» PROBLEM TO SOLVE
Output every entry exactly as given.

» DATA FOR ANALYSIS
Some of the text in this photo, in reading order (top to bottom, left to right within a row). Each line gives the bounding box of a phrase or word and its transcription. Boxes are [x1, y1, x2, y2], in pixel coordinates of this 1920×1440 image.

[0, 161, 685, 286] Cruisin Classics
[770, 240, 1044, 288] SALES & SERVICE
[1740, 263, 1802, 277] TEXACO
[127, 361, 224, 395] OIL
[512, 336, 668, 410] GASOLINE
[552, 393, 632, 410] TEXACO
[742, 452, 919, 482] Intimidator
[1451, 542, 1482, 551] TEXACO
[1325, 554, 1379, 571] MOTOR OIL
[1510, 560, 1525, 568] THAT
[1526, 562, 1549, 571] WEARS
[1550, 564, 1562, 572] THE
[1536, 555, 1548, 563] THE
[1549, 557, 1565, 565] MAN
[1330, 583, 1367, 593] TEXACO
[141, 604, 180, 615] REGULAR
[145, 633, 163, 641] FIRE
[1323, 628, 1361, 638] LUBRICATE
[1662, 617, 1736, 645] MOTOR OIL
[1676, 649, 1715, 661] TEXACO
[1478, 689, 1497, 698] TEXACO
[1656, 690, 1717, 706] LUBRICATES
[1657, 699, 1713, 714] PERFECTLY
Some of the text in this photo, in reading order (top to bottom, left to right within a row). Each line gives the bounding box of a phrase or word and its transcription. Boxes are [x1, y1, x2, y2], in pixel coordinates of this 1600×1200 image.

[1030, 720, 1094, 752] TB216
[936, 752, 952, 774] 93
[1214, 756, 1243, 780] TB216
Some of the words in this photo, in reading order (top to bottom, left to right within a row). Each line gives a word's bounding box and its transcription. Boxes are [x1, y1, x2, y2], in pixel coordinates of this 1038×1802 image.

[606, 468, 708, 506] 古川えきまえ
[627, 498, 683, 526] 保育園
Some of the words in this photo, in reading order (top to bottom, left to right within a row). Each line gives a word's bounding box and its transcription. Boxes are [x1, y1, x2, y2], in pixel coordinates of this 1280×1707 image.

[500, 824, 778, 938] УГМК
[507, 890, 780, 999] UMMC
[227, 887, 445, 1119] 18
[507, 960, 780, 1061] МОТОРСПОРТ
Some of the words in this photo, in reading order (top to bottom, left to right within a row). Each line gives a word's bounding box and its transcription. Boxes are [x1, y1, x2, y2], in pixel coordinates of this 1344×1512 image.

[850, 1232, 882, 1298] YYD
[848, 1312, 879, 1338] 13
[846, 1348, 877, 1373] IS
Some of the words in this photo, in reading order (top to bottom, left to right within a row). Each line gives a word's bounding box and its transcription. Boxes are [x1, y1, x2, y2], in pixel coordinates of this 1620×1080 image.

» SOLUTION
Some of the text in this photo, in reading order (top to bottom, left to right within a row). Each line gives the bounding box of a phrase or word and its transcription. Boxes are [x1, y1, x2, y2], in pixel coordinates of this 1920×1440 image.

[0, 161, 685, 286] Cruisin Classics
[770, 240, 1044, 288] SALES & SERVICE
[1740, 263, 1802, 277] TEXACO
[127, 361, 224, 395] OIL
[512, 336, 668, 410] GASOLINE
[552, 393, 632, 410] TEXACO
[742, 452, 919, 482] Intimidator
[1451, 542, 1482, 551] TEXACO
[1325, 554, 1379, 571] MOTOR OIL
[1510, 560, 1525, 568] THAT
[1526, 562, 1549, 571] WEARS
[1550, 564, 1562, 572] THE
[1536, 555, 1548, 563] THE
[1549, 557, 1565, 565] MAN
[1330, 583, 1367, 593] TEXACO
[141, 604, 180, 615] REGULAR
[145, 633, 163, 641] FIRE
[1323, 628, 1361, 638] LUBRICATE
[1662, 617, 1736, 645] MOTOR OIL
[1676, 649, 1715, 661] TEXACO
[1478, 689, 1497, 698] TEXACO
[1656, 690, 1717, 706] LUBRICATES
[1657, 699, 1713, 714] PERFECTLY
Some of the text in this photo, in reading order (top to bottom, left to right within a row). Each line gives the bounding box of a phrase or word and its transcription. Boxes are [x1, y1, x2, y2], in pixel coordinates of this 1600×1200 image.

[1030, 720, 1094, 752] TB216
[936, 752, 952, 774] 93
[1214, 756, 1243, 780] TB216
Some of the words in this photo, in reading order (top to bottom, left to right within a row). Each line gives a word's bounding box and its transcription. Boxes are [x1, y1, x2, y2], in pixel coordinates of this 1038×1802 image.

[606, 468, 708, 506] 古川えきまえ
[627, 498, 683, 526] 保育園
Some of the words in this photo, in reading order (top to bottom, left to right within a row). Each line gives a word's bounding box and its transcription. Boxes are [x1, y1, x2, y2], in pixel coordinates of this 1280×1707 image.

[500, 824, 778, 938] УГМК
[507, 890, 780, 999] UMMC
[227, 887, 445, 1119] 18
[507, 960, 780, 1061] МОТОРСПОРТ
Some of the words in this photo, in reading order (top to bottom, left to right within a row). Each line gives a word's bounding box and its transcription. Boxes are [x1, y1, x2, y2], in pixel coordinates of this 1344×1512 image.

[850, 1232, 882, 1298] YYD
[848, 1312, 879, 1338] 13
[846, 1348, 877, 1373] IS
Some of the words in this photo, in reading order (top to bottom, left to right within a row). Each line gives a word's bounding box and its transcription. Boxes are [x1, y1, x2, y2], in pixel coordinates of this 1620×1080 image.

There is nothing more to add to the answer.